- _What you will do_:
For each entry, restate it word for word while omitting any image it holds.

Referring expression grounding data:
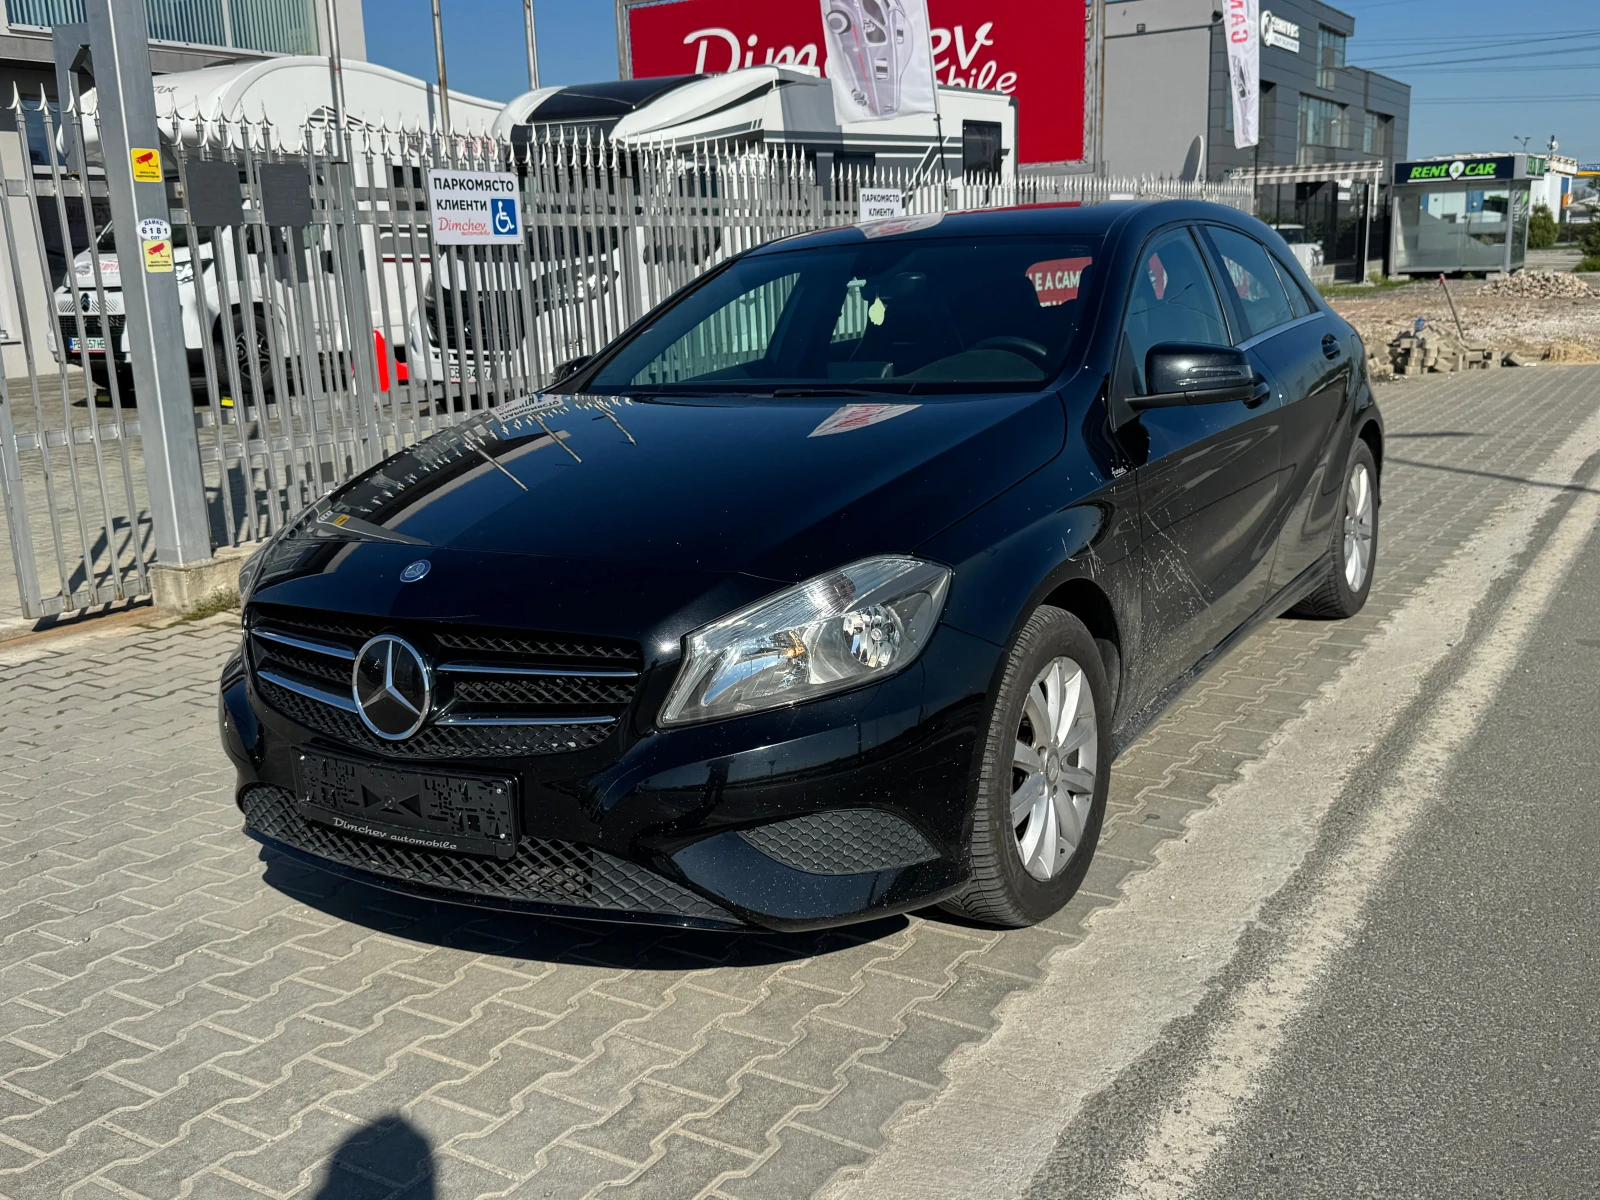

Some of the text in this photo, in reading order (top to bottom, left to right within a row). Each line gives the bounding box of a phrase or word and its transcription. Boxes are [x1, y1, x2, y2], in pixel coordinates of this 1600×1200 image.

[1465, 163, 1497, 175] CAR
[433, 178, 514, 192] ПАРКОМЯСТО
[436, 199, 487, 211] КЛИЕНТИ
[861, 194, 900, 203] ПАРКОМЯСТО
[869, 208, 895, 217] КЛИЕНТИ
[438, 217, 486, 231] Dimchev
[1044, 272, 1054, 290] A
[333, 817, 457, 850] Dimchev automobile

- _Solution to the exercise_:
Some of the text in this photo, in reading order (top to bottom, left to right within a row). Each line gives the bounding box of a phrase or word and its transcription. Boxes are [x1, y1, x2, y2], in pixel coordinates of this 1600×1200 image.

[1465, 163, 1497, 175] CAR
[433, 178, 514, 192] ПАРКОМЯСТО
[436, 199, 487, 211] КЛИЕНТИ
[861, 194, 900, 203] ПАРКОМЯСТО
[869, 208, 895, 217] КЛИЕНТИ
[438, 217, 486, 231] Dimchev
[1044, 272, 1054, 290] A
[333, 817, 457, 850] Dimchev automobile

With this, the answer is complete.